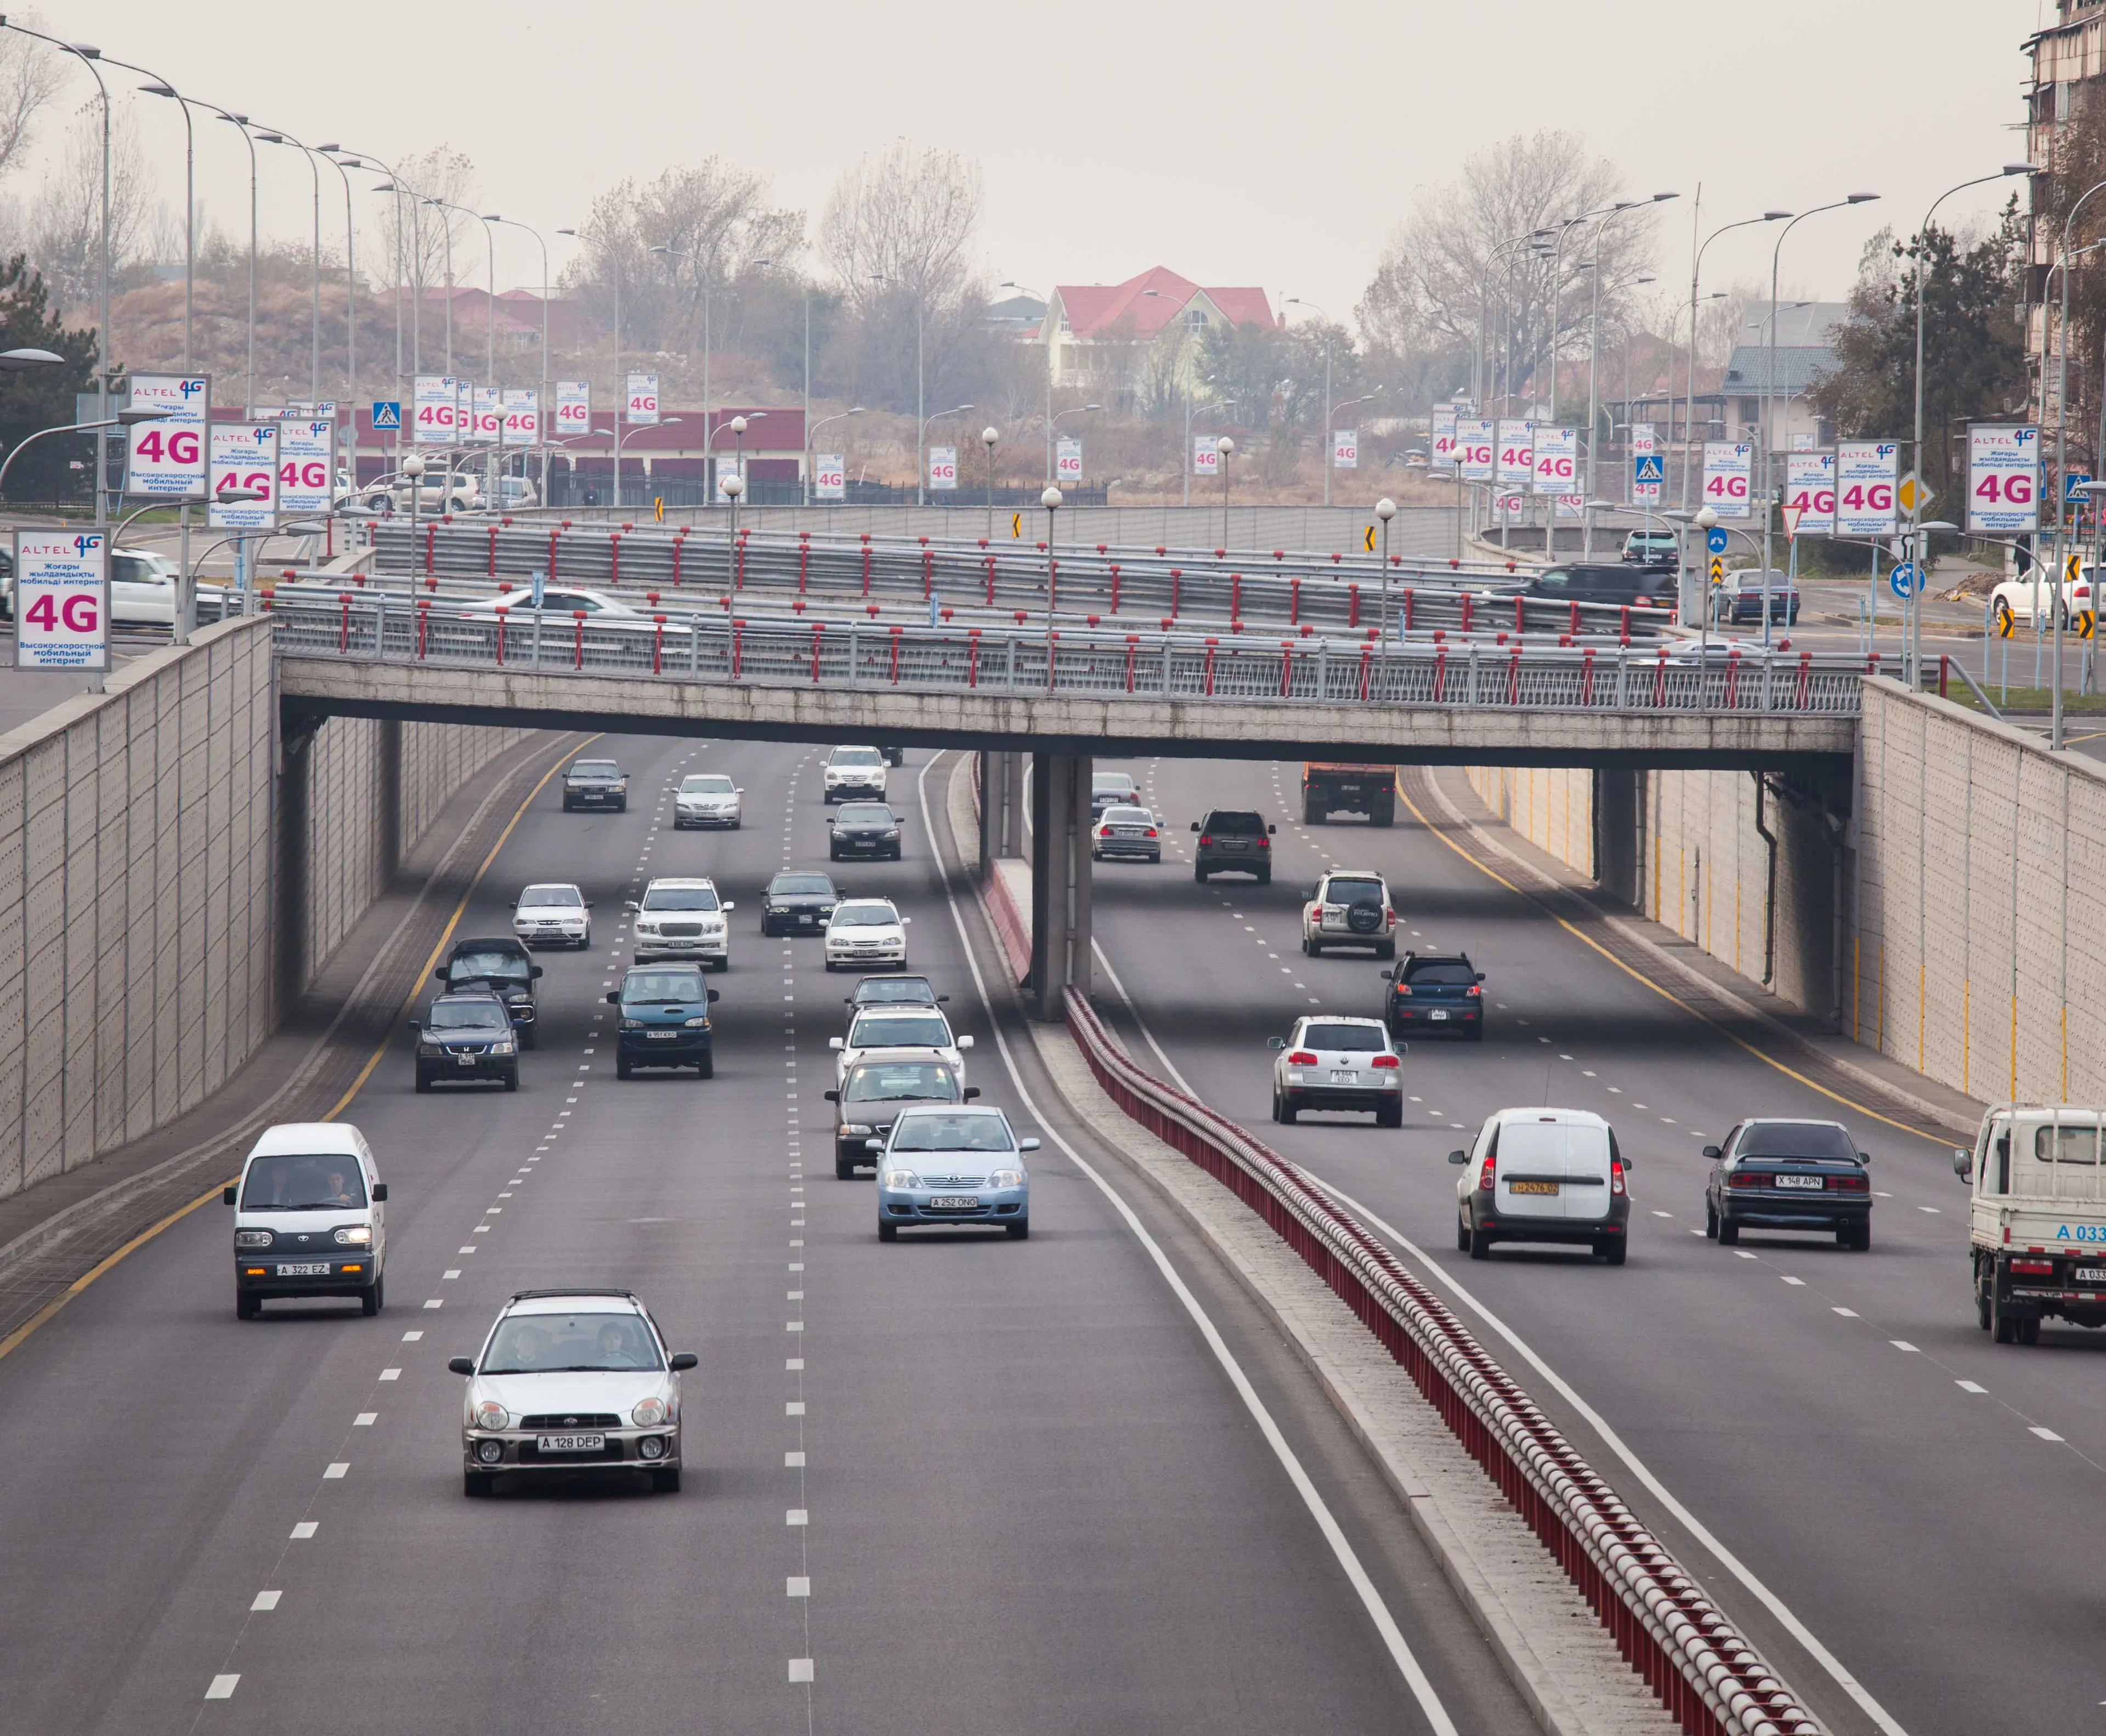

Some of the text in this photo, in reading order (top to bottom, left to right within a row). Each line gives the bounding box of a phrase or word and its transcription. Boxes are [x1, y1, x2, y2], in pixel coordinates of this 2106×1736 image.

[179, 380, 205, 400] 4G
[441, 378, 456, 389] 4G
[318, 403, 334, 415] 4G
[631, 397, 656, 410] 4G
[418, 406, 453, 425] 4G
[458, 410, 468, 427] G
[559, 405, 586, 419] 4G
[506, 415, 535, 430] 4G
[253, 428, 275, 445] 4G
[1561, 430, 1575, 441] 4G
[2014, 430, 2036, 447] 4G
[137, 431, 199, 464] 4G
[1436, 438, 1454, 452] 4
[1635, 440, 1652, 450] 4G
[1196, 453, 1215, 464] 4G
[1337, 447, 1355, 458] 4G
[1502, 449, 1532, 466] 4G
[1876, 445, 1895, 460] 4G
[1059, 458, 1080, 470] 4G
[1537, 458, 1572, 477] 4G
[932, 466, 954, 478] 4G
[216, 472, 270, 501] 4G
[819, 473, 841, 486] 4G
[1976, 475, 2031, 503] 4G
[1843, 484, 1891, 510] 4G
[73, 535, 103, 558] 4G
[26, 594, 97, 633] 4G
[19, 642, 105, 650] Высокоскоростной
[1779, 1176, 1784, 1184] X
[1803, 1177, 1820, 1185] APN
[2057, 1225, 2106, 1241] A 033
[281, 1265, 325, 1274] A 322 EZ
[2079, 1270, 2106, 1279] A 033
[542, 1437, 601, 1449] A 128 DEP
○ ○ ○ ○ ○ ○ ○
* Requirement
Retype the material in full, exactly as written, and exclude the pictures.

* Result for this exercise
Some of the text in this photo, in reading order (top to bottom, left to right within a row). Each line gives the bounding box of a phrase or word and its transcription. Boxes are [x1, y1, x2, y2], in pixel coordinates of this 2106×1736 image.

[179, 380, 205, 400] 4G
[441, 378, 456, 389] 4G
[318, 403, 334, 415] 4G
[631, 397, 656, 410] 4G
[418, 406, 453, 425] 4G
[458, 410, 468, 427] G
[559, 405, 586, 419] 4G
[506, 415, 535, 430] 4G
[253, 428, 275, 445] 4G
[1561, 430, 1575, 441] 4G
[2014, 430, 2036, 447] 4G
[137, 431, 199, 464] 4G
[1436, 438, 1454, 452] 4
[1635, 440, 1652, 450] 4G
[1196, 453, 1215, 464] 4G
[1337, 447, 1355, 458] 4G
[1502, 449, 1532, 466] 4G
[1876, 445, 1895, 460] 4G
[1059, 458, 1080, 470] 4G
[1537, 458, 1572, 477] 4G
[932, 466, 954, 478] 4G
[216, 472, 270, 501] 4G
[819, 473, 841, 486] 4G
[1976, 475, 2031, 503] 4G
[1843, 484, 1891, 510] 4G
[73, 535, 103, 558] 4G
[26, 594, 97, 633] 4G
[19, 642, 105, 650] Высокоскоростной
[1779, 1176, 1784, 1184] X
[1803, 1177, 1820, 1185] APN
[2057, 1225, 2106, 1241] A 033
[281, 1265, 325, 1274] A 322 EZ
[2079, 1270, 2106, 1279] A 033
[542, 1437, 601, 1449] A 128 DEP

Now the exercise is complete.